**Problem description**
Omit every picture. Return all other data as it stands.

── Data in this exercise ──

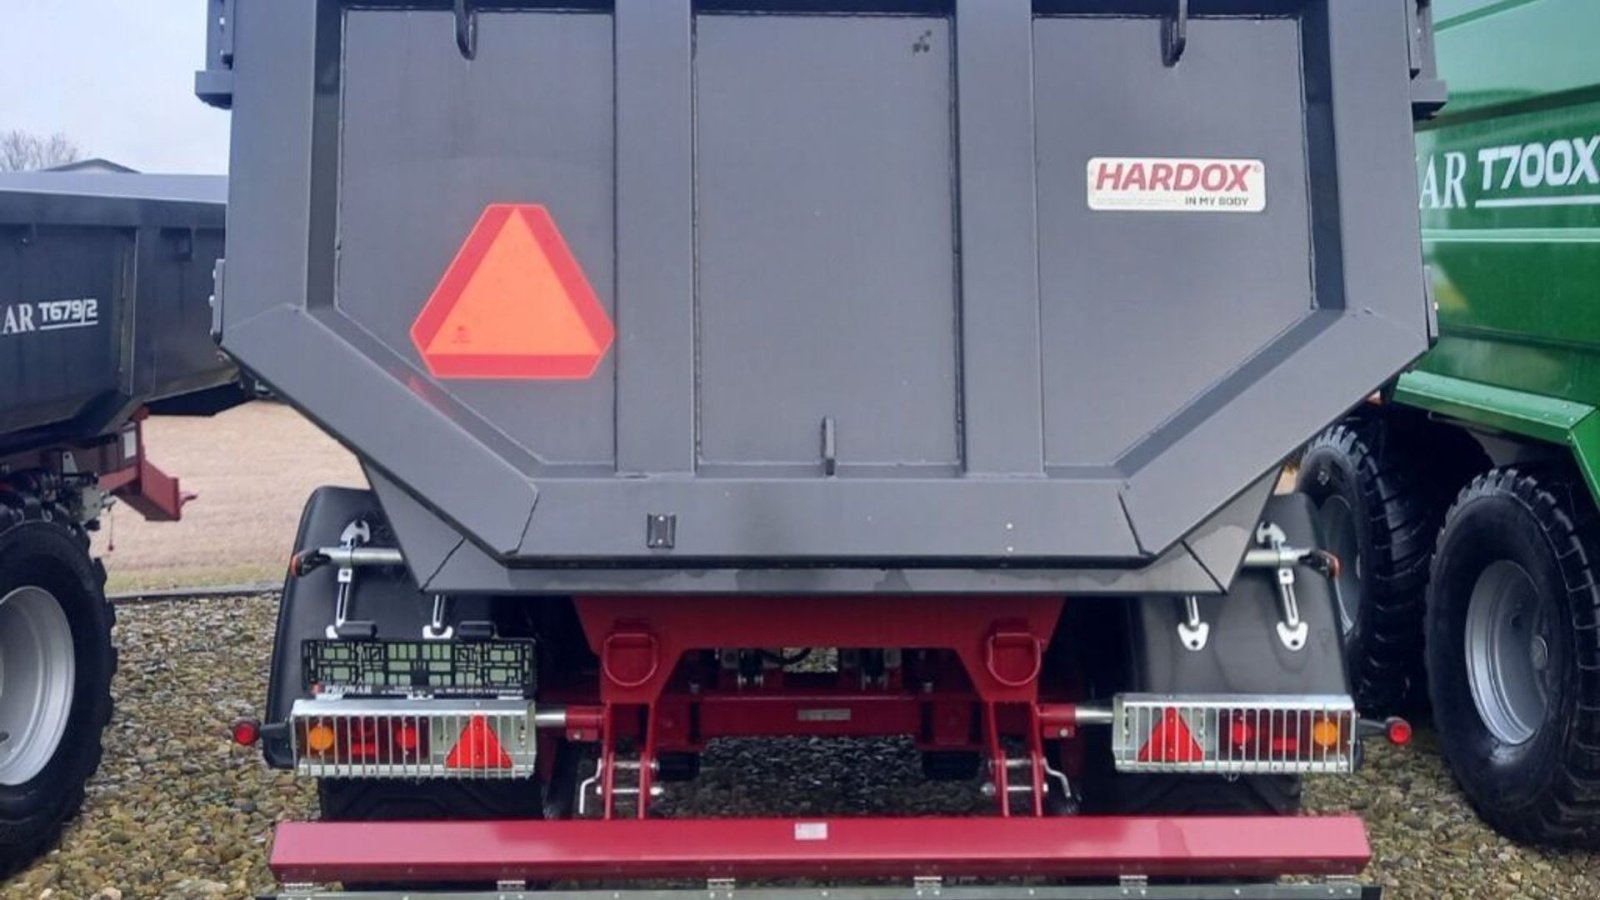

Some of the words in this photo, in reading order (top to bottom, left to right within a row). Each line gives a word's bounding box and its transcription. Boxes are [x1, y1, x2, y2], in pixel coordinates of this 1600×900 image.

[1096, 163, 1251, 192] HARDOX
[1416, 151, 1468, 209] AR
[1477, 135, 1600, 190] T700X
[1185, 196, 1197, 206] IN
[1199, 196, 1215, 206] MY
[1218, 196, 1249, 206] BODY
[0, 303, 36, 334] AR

───

**Written response**
Some of the words in this photo, in reading order (top to bottom, left to right within a row). Each line gives a word's bounding box and its transcription. Boxes are [x1, y1, x2, y2], in pixel coordinates of this 1600×900 image.

[1096, 163, 1251, 192] HARDOX
[1416, 151, 1468, 209] AR
[1477, 135, 1600, 190] T700X
[1185, 196, 1197, 206] IN
[1199, 196, 1215, 206] MY
[1218, 196, 1249, 206] BODY
[0, 303, 36, 334] AR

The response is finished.